Dr. Piotr Walczak is an Assistant Professor in the Johns Hopkins Medicine Department of Radiology and Radiological Science. He specializes in magnetic resonance research and neuroradiology, with an emphasis on stem and progenitor cell trancolinsplantation. Dr. Walczak received his M.D. in 2002 from the Medical University of Warsaw in Poland. He then completed a research fellowship in cell-based therapy for neurodegenerative disorders at the University of South Florida. After a fellowship in cellular imaging at Johns Hopkins University School of Medicine, Dr. Walczak joined the faculty of Johns Hopkins in 2008. He is an affiliated faculty member at the Kennedy Krieger Institute’s F.M. Kirby Research Center.

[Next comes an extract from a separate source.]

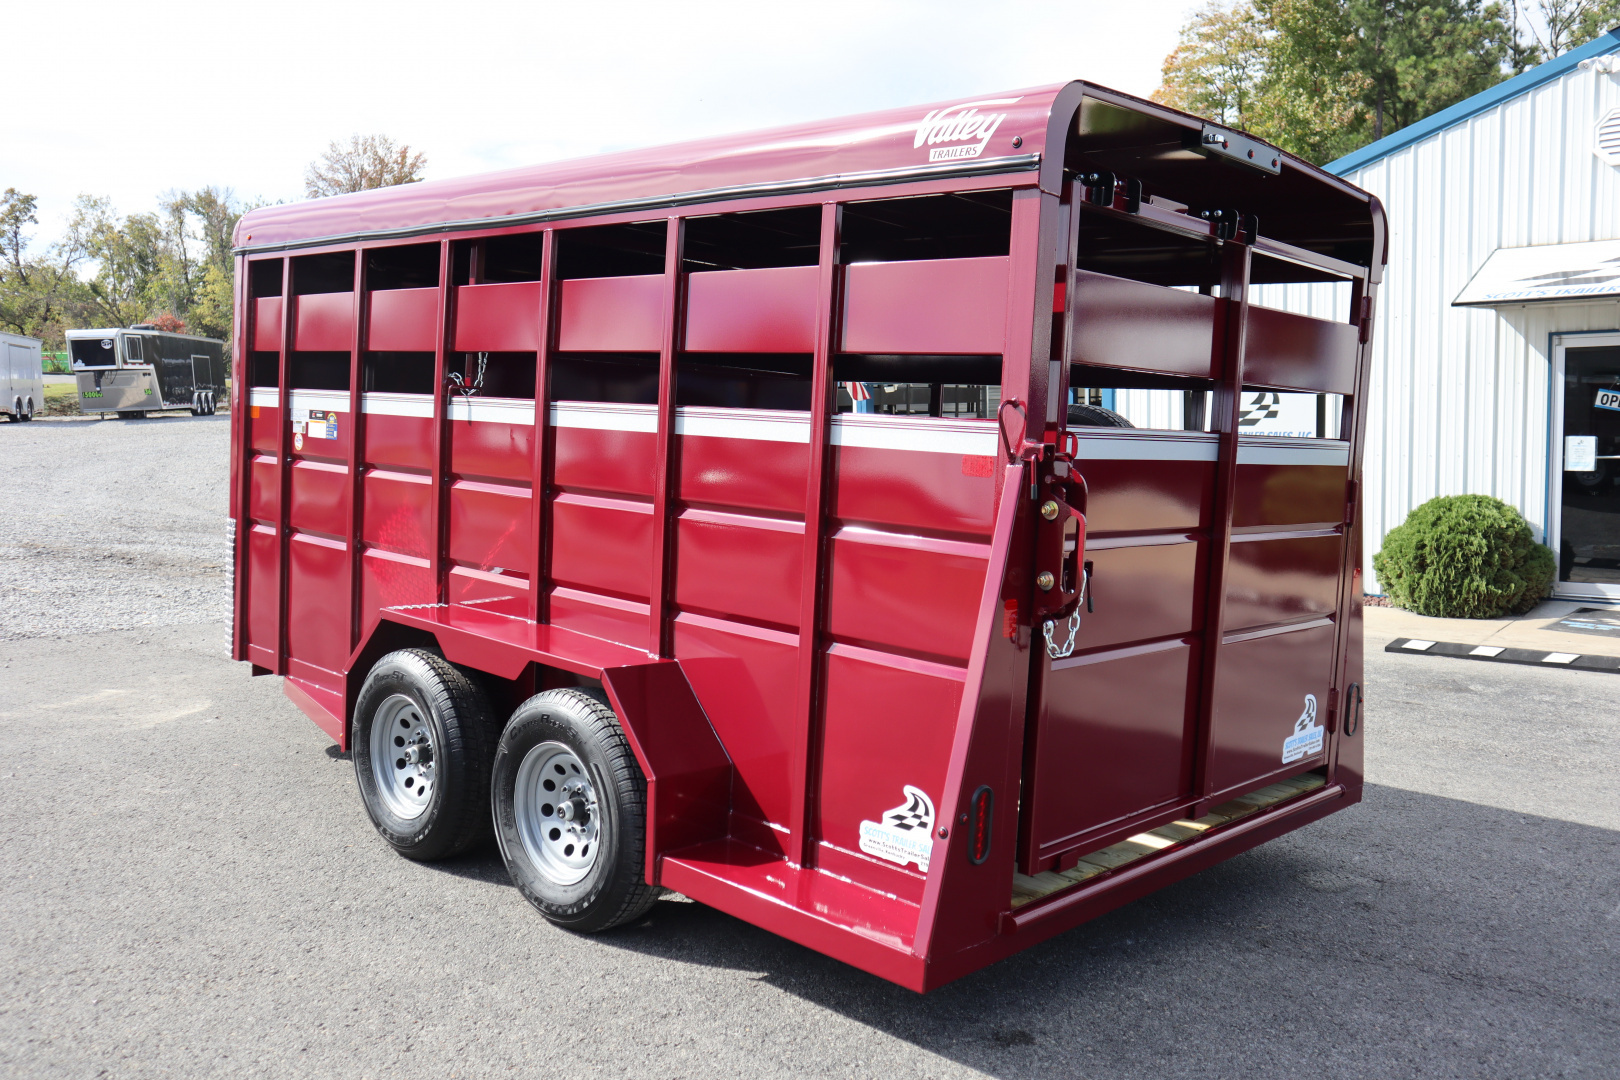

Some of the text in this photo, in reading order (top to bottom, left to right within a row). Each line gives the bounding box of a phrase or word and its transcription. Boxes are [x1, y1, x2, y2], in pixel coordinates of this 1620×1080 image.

Qin Wang, PhD, Scientist, Drug Safety Research and Evaluation, Takeda
https://www.linkedin.com/in/qin-wang-7802807a/

Nienke Wevers, Scientist/PhD Candidate, Mimetas

My work combines project management with hands-on lab work. I have a passion for transferring knowledge, collaborations with industry, and exploring the human brain. I specialize in the development of three-dimensional in vitro models of the human brain and blood-brain barrier. These models can be used to evaluate efficacy and toxicity of new drug candidates or developmental/aetiological processes.

 

Guangqing Xiao, PhD, Associate Director, DMPK, Takeda

A highly motivated, well-organized, and technically proficient scientist with over fifteen year’s experience in drug discovery and development. Experience in ADME, DDI, PK/PD modeling using Phoenix & SimCYP, human PK & dose projection for both small molecules and biologics. Ph.D. in Biochemistry & Cell Biology, and Postdoctoral training in drug transporters.

Yuan Zhang, PhD, Vice President, Pharmalegacy
Dr. Zhang had more than 20 years’ translational research experience both in academic and industrial in the areas of cancer, immunity and inflammation diseases in Australia. After his returning to China, Dr. Zhang is currently a VP of Pharmalegacy, a Shanghai China based CRO. Pharmalegacy is a premier in vivo pharmacology and equipped to obtain higher-quality pharmacological data across a greater number of diseases than any other CRO. Dr. Zhang has helped hundreds of clients with IND filings to both FDA and CFDA (China) for their therapeutic biologics candidates in a variety of immune disease and oncology.